#### INPUT FOR THIS TASK

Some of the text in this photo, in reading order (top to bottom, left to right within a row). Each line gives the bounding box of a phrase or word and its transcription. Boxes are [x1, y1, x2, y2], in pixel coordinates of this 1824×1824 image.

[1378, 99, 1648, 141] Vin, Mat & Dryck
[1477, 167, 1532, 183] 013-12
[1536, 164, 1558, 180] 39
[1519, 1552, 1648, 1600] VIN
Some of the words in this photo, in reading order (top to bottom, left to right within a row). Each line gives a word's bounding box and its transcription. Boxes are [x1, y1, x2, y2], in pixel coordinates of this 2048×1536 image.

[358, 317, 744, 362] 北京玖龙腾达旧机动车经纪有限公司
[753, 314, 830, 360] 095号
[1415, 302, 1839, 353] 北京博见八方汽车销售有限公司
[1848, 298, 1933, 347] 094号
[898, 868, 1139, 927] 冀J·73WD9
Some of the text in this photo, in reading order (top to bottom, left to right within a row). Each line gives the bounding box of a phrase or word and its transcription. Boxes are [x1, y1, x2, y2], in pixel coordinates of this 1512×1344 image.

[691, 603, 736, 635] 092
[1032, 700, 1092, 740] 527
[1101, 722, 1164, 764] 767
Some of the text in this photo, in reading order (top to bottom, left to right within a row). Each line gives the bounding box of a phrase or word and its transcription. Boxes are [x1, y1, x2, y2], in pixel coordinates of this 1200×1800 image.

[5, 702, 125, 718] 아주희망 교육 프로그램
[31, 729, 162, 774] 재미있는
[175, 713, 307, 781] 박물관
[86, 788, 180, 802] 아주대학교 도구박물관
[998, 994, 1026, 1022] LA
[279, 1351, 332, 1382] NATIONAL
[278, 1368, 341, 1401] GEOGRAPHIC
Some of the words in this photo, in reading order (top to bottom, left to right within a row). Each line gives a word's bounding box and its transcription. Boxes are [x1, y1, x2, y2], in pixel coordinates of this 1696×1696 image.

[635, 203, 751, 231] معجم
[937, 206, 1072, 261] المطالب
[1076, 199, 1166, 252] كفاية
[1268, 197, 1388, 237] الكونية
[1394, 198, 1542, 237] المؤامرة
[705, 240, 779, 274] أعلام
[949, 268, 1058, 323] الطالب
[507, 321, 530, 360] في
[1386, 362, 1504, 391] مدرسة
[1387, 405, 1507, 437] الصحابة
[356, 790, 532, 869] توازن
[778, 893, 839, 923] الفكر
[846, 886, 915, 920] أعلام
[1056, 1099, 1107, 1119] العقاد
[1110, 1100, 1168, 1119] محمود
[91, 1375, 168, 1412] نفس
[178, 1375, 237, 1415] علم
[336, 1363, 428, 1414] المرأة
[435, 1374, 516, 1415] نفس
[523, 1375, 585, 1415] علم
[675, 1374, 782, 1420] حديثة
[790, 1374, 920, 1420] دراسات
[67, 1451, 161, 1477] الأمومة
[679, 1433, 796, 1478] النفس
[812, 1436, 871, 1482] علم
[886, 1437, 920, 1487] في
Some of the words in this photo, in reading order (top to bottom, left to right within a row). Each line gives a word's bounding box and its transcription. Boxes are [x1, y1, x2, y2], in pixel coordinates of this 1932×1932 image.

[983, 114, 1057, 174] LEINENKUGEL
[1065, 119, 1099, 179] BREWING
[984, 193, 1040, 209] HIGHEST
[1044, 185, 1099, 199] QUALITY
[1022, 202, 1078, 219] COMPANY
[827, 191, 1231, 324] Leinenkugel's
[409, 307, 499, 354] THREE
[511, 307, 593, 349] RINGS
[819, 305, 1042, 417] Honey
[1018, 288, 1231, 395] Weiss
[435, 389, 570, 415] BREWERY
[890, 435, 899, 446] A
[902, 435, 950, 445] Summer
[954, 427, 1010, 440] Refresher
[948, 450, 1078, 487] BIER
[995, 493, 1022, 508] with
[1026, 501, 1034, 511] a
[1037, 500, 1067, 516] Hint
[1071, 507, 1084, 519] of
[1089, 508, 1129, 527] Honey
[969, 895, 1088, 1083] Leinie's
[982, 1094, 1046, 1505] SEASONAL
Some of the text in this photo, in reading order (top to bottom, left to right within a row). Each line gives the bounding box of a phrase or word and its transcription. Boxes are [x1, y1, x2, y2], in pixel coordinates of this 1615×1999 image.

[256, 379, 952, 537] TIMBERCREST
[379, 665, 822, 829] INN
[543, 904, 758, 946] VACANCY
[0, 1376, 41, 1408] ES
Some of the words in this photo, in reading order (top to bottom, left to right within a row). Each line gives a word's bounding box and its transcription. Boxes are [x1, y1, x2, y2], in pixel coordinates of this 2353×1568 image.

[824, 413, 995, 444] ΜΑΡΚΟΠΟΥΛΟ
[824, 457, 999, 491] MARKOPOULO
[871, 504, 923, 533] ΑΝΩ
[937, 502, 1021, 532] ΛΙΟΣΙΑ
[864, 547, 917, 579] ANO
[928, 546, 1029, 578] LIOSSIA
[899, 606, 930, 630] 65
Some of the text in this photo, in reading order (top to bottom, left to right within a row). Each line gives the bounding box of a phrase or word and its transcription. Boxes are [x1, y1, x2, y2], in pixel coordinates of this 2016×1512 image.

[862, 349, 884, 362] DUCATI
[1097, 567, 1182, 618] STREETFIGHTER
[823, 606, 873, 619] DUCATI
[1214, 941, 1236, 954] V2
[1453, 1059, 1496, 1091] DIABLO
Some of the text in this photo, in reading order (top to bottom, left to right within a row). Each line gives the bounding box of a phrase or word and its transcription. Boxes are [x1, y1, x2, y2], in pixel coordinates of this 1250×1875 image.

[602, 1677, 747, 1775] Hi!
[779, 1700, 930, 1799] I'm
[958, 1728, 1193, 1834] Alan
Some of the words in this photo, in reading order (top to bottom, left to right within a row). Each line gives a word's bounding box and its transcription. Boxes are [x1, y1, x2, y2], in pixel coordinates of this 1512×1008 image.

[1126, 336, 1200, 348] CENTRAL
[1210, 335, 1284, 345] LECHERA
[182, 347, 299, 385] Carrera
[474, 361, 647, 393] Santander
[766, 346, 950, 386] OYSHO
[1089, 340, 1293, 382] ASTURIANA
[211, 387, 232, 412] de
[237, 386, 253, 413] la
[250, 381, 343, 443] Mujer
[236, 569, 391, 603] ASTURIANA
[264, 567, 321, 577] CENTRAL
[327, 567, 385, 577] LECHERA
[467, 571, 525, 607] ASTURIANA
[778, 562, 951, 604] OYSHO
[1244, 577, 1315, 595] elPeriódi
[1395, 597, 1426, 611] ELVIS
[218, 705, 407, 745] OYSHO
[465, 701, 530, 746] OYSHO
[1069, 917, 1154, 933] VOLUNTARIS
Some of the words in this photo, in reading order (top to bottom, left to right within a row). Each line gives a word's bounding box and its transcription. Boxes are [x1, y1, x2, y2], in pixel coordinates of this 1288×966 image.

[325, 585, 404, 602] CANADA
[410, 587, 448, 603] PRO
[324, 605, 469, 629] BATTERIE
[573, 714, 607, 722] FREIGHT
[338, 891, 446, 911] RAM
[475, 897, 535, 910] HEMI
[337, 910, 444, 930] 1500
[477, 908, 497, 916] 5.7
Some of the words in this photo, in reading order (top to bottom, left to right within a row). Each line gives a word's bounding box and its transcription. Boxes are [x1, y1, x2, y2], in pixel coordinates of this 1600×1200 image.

########

*TASK GOAL*: Copy every line of the material exactly, keeping all of it.

*RESULT OF THE EXERCISE*:
Some of the text in this photo, in reading order (top to bottom, left to right within a row). Each line gives the bounding box of a phrase or word and its transcription. Boxes are [x1, y1, x2, y2], in pixel coordinates of this 1824×1824 image.

[1378, 99, 1648, 141] Vin, Mat & Dryck
[1477, 167, 1532, 183] 013-12
[1536, 164, 1558, 180] 39
[1519, 1552, 1648, 1600] VIN
Some of the words in this photo, in reading order (top to bottom, left to right within a row). Each line gives a word's bounding box and its transcription. Boxes are [x1, y1, x2, y2], in pixel coordinates of this 2048×1536 image.

[358, 317, 744, 362] 北京玖龙腾达旧机动车经纪有限公司
[753, 314, 830, 360] 095号
[1415, 302, 1839, 353] 北京博见八方汽车销售有限公司
[1848, 298, 1933, 347] 094号
[898, 868, 1139, 927] 冀J·73WD9
Some of the text in this photo, in reading order (top to bottom, left to right within a row). Each line gives the bounding box of a phrase or word and its transcription. Boxes are [x1, y1, x2, y2], in pixel coordinates of this 1512×1344 image.

[691, 603, 736, 635] 092
[1032, 700, 1092, 740] 527
[1101, 722, 1164, 764] 767
Some of the text in this photo, in reading order (top to bottom, left to right within a row). Each line gives the bounding box of a phrase or word and its transcription. Boxes are [x1, y1, x2, y2], in pixel coordinates of this 1200×1800 image.

[5, 702, 125, 718] 아주희망 교육 프로그램
[31, 729, 162, 774] 재미있는
[175, 713, 307, 781] 박물관
[86, 788, 180, 802] 아주대학교 도구박물관
[998, 994, 1026, 1022] LA
[279, 1351, 332, 1382] NATIONAL
[278, 1368, 341, 1401] GEOGRAPHIC
Some of the words in this photo, in reading order (top to bottom, left to right within a row). Each line gives a word's bounding box and its transcription. Boxes are [x1, y1, x2, y2], in pixel coordinates of this 1696×1696 image.

[635, 203, 751, 231] معجم
[937, 206, 1072, 261] المطالب
[1076, 199, 1166, 252] كفاية
[1268, 197, 1388, 237] الكونية
[1394, 198, 1542, 237] المؤامرة
[705, 240, 779, 274] أعلام
[949, 268, 1058, 323] الطالب
[507, 321, 530, 360] في
[1386, 362, 1504, 391] مدرسة
[1387, 405, 1507, 437] الصحابة
[356, 790, 532, 869] توازن
[778, 893, 839, 923] الفكر
[846, 886, 915, 920] أعلام
[1056, 1099, 1107, 1119] العقاد
[1110, 1100, 1168, 1119] محمود
[91, 1375, 168, 1412] نفس
[178, 1375, 237, 1415] علم
[336, 1363, 428, 1414] المرأة
[435, 1374, 516, 1415] نفس
[523, 1375, 585, 1415] علم
[675, 1374, 782, 1420] حديثة
[790, 1374, 920, 1420] دراسات
[67, 1451, 161, 1477] الأمومة
[679, 1433, 796, 1478] النفس
[812, 1436, 871, 1482] علم
[886, 1437, 920, 1487] في
Some of the words in this photo, in reading order (top to bottom, left to right within a row). Each line gives a word's bounding box and its transcription. Boxes are [x1, y1, x2, y2], in pixel coordinates of this 1932×1932 image.

[983, 114, 1057, 174] LEINENKUGEL
[1065, 119, 1099, 179] BREWING
[984, 193, 1040, 209] HIGHEST
[1044, 185, 1099, 199] QUALITY
[1022, 202, 1078, 219] COMPANY
[827, 191, 1231, 324] Leinenkugel's
[409, 307, 499, 354] THREE
[511, 307, 593, 349] RINGS
[819, 305, 1042, 417] Honey
[1018, 288, 1231, 395] Weiss
[435, 389, 570, 415] BREWERY
[890, 435, 899, 446] A
[902, 435, 950, 445] Summer
[954, 427, 1010, 440] Refresher
[948, 450, 1078, 487] BIER
[995, 493, 1022, 508] with
[1026, 501, 1034, 511] a
[1037, 500, 1067, 516] Hint
[1071, 507, 1084, 519] of
[1089, 508, 1129, 527] Honey
[969, 895, 1088, 1083] Leinie's
[982, 1094, 1046, 1505] SEASONAL
Some of the text in this photo, in reading order (top to bottom, left to right within a row). Each line gives the bounding box of a phrase or word and its transcription. Boxes are [x1, y1, x2, y2], in pixel coordinates of this 1615×1999 image.

[256, 379, 952, 537] TIMBERCREST
[379, 665, 822, 829] INN
[543, 904, 758, 946] VACANCY
[0, 1376, 41, 1408] ES
Some of the words in this photo, in reading order (top to bottom, left to right within a row). Each line gives a word's bounding box and its transcription. Boxes are [x1, y1, x2, y2], in pixel coordinates of this 2353×1568 image.

[824, 413, 995, 444] ΜΑΡΚΟΠΟΥΛΟ
[824, 457, 999, 491] MARKOPOULO
[871, 504, 923, 533] ΑΝΩ
[937, 502, 1021, 532] ΛΙΟΣΙΑ
[864, 547, 917, 579] ANO
[928, 546, 1029, 578] LIOSSIA
[899, 606, 930, 630] 65
Some of the text in this photo, in reading order (top to bottom, left to right within a row). Each line gives the bounding box of a phrase or word and its transcription. Boxes are [x1, y1, x2, y2], in pixel coordinates of this 2016×1512 image.

[862, 349, 884, 362] DUCATI
[1097, 567, 1182, 618] STREETFIGHTER
[823, 606, 873, 619] DUCATI
[1214, 941, 1236, 954] V2
[1453, 1059, 1496, 1091] DIABLO
Some of the text in this photo, in reading order (top to bottom, left to right within a row). Each line gives the bounding box of a phrase or word and its transcription. Boxes are [x1, y1, x2, y2], in pixel coordinates of this 1250×1875 image.

[602, 1677, 747, 1775] Hi!
[779, 1700, 930, 1799] I'm
[958, 1728, 1193, 1834] Alan
Some of the words in this photo, in reading order (top to bottom, left to right within a row). Each line gives a word's bounding box and its transcription. Boxes are [x1, y1, x2, y2], in pixel coordinates of this 1512×1008 image.

[1126, 336, 1200, 348] CENTRAL
[1210, 335, 1284, 345] LECHERA
[182, 347, 299, 385] Carrera
[474, 361, 647, 393] Santander
[766, 346, 950, 386] OYSHO
[1089, 340, 1293, 382] ASTURIANA
[211, 387, 232, 412] de
[237, 386, 253, 413] la
[250, 381, 343, 443] Mujer
[236, 569, 391, 603] ASTURIANA
[264, 567, 321, 577] CENTRAL
[327, 567, 385, 577] LECHERA
[467, 571, 525, 607] ASTURIANA
[778, 562, 951, 604] OYSHO
[1244, 577, 1315, 595] elPeriódi
[1395, 597, 1426, 611] ELVIS
[218, 705, 407, 745] OYSHO
[465, 701, 530, 746] OYSHO
[1069, 917, 1154, 933] VOLUNTARIS
Some of the words in this photo, in reading order (top to bottom, left to right within a row). Each line gives a word's bounding box and its transcription. Boxes are [x1, y1, x2, y2], in pixel coordinates of this 1288×966 image.

[325, 585, 404, 602] CANADA
[410, 587, 448, 603] PRO
[324, 605, 469, 629] BATTERIE
[573, 714, 607, 722] FREIGHT
[338, 891, 446, 911] RAM
[475, 897, 535, 910] HEMI
[337, 910, 444, 930] 1500
[477, 908, 497, 916] 5.7
Some of the words in this photo, in reading order (top to bottom, left to right within a row). Each line gives a word's bounding box and its transcription. Boxes are [x1, y1, x2, y2], in pixel coordinates of this 1600×1200 image.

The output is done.